## What to do
The records that follow are to be repeated exactly, in full.

____________

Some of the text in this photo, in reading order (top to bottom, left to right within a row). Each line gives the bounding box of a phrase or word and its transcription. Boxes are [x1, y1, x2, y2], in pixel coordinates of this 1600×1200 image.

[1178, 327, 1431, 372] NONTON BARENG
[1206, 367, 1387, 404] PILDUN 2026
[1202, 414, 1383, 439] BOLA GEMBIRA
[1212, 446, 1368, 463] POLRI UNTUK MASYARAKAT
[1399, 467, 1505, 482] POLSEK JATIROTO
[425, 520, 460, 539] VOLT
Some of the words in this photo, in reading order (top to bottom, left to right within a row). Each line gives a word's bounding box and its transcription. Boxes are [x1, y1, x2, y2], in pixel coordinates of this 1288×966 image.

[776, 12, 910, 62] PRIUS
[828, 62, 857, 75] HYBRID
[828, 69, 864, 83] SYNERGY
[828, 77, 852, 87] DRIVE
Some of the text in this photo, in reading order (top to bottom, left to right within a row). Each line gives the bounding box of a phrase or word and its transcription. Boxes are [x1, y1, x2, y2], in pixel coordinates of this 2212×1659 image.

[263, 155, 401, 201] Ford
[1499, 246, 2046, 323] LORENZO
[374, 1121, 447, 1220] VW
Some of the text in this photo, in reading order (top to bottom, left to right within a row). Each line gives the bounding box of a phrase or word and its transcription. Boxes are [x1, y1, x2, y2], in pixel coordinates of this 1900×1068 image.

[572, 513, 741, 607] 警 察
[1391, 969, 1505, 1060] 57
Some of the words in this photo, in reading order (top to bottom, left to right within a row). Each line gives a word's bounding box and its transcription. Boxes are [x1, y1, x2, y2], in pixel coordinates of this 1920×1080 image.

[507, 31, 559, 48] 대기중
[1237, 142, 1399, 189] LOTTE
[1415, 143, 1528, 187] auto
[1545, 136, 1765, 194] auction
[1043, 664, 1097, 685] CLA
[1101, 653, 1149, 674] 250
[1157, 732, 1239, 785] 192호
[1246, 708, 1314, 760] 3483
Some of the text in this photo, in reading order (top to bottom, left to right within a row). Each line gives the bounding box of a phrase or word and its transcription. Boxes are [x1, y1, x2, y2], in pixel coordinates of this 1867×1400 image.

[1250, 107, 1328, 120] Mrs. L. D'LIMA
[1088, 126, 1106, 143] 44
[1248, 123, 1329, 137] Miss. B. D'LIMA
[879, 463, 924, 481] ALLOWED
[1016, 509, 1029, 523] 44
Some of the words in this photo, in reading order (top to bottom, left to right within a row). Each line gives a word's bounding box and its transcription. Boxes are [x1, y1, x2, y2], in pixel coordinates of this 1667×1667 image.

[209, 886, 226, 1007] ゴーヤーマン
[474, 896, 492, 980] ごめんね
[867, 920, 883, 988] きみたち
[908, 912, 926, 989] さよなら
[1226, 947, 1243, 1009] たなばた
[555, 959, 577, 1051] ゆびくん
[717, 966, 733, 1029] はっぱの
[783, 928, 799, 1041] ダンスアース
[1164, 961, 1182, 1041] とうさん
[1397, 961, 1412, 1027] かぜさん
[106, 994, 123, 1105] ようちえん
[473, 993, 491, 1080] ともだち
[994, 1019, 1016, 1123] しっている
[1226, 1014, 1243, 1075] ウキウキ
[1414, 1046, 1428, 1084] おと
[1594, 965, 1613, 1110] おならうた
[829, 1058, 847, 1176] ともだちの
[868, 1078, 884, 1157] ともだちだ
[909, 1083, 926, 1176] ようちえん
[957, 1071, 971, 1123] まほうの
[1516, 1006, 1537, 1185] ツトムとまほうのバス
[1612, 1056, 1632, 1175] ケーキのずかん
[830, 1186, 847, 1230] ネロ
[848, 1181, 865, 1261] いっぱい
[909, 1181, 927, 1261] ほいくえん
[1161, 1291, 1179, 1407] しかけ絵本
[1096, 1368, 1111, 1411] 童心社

____________

## Task result
Some of the text in this photo, in reading order (top to bottom, left to right within a row). Each line gives the bounding box of a phrase or word and its transcription. Boxes are [x1, y1, x2, y2], in pixel coordinates of this 1600×1200 image.

[1178, 327, 1431, 372] NONTON BARENG
[1206, 367, 1387, 404] PILDUN 2026
[1202, 414, 1383, 439] BOLA GEMBIRA
[1212, 446, 1368, 463] POLRI UNTUK MASYARAKAT
[1399, 467, 1505, 482] POLSEK JATIROTO
[425, 520, 460, 539] VOLT
Some of the words in this photo, in reading order (top to bottom, left to right within a row). Each line gives a word's bounding box and its transcription. Boxes are [x1, y1, x2, y2], in pixel coordinates of this 1288×966 image.

[776, 12, 910, 62] PRIUS
[828, 62, 857, 75] HYBRID
[828, 69, 864, 83] SYNERGY
[828, 77, 852, 87] DRIVE
Some of the text in this photo, in reading order (top to bottom, left to right within a row). Each line gives the bounding box of a phrase or word and its transcription. Boxes are [x1, y1, x2, y2], in pixel coordinates of this 2212×1659 image.

[263, 155, 401, 201] Ford
[1499, 246, 2046, 323] LORENZO
[374, 1121, 447, 1220] VW
Some of the text in this photo, in reading order (top to bottom, left to right within a row). Each line gives the bounding box of a phrase or word and its transcription. Boxes are [x1, y1, x2, y2], in pixel coordinates of this 1900×1068 image.

[572, 513, 741, 607] 警 察
[1391, 969, 1505, 1060] 57
Some of the words in this photo, in reading order (top to bottom, left to right within a row). Each line gives a word's bounding box and its transcription. Boxes are [x1, y1, x2, y2], in pixel coordinates of this 1920×1080 image.

[507, 31, 559, 48] 대기중
[1237, 142, 1399, 189] LOTTE
[1415, 143, 1528, 187] auto
[1545, 136, 1765, 194] auction
[1043, 664, 1097, 685] CLA
[1101, 653, 1149, 674] 250
[1157, 732, 1239, 785] 192호
[1246, 708, 1314, 760] 3483
Some of the text in this photo, in reading order (top to bottom, left to right within a row). Each line gives the bounding box of a phrase or word and its transcription. Boxes are [x1, y1, x2, y2], in pixel coordinates of this 1867×1400 image.

[1250, 107, 1328, 120] Mrs. L. D'LIMA
[1088, 126, 1106, 143] 44
[1248, 123, 1329, 137] Miss. B. D'LIMA
[879, 463, 924, 481] ALLOWED
[1016, 509, 1029, 523] 44
Some of the words in this photo, in reading order (top to bottom, left to right within a row). Each line gives a word's bounding box and its transcription. Boxes are [x1, y1, x2, y2], in pixel coordinates of this 1667×1667 image.

[209, 886, 226, 1007] ゴーヤーマン
[474, 896, 492, 980] ごめんね
[867, 920, 883, 988] きみたち
[908, 912, 926, 989] さよなら
[1226, 947, 1243, 1009] たなばた
[555, 959, 577, 1051] ゆびくん
[717, 966, 733, 1029] はっぱの
[783, 928, 799, 1041] ダンスアース
[1164, 961, 1182, 1041] とうさん
[1397, 961, 1412, 1027] かぜさん
[106, 994, 123, 1105] ようちえん
[473, 993, 491, 1080] ともだち
[994, 1019, 1016, 1123] しっている
[1226, 1014, 1243, 1075] ウキウキ
[1414, 1046, 1428, 1084] おと
[1594, 965, 1613, 1110] おならうた
[829, 1058, 847, 1176] ともだちの
[868, 1078, 884, 1157] ともだちだ
[909, 1083, 926, 1176] ようちえん
[957, 1071, 971, 1123] まほうの
[1516, 1006, 1537, 1185] ツトムとまほうのバス
[1612, 1056, 1632, 1175] ケーキのずかん
[830, 1186, 847, 1230] ネロ
[848, 1181, 865, 1261] いっぱい
[909, 1181, 927, 1261] ほいくえん
[1161, 1291, 1179, 1407] しかけ絵本
[1096, 1368, 1111, 1411] 童心社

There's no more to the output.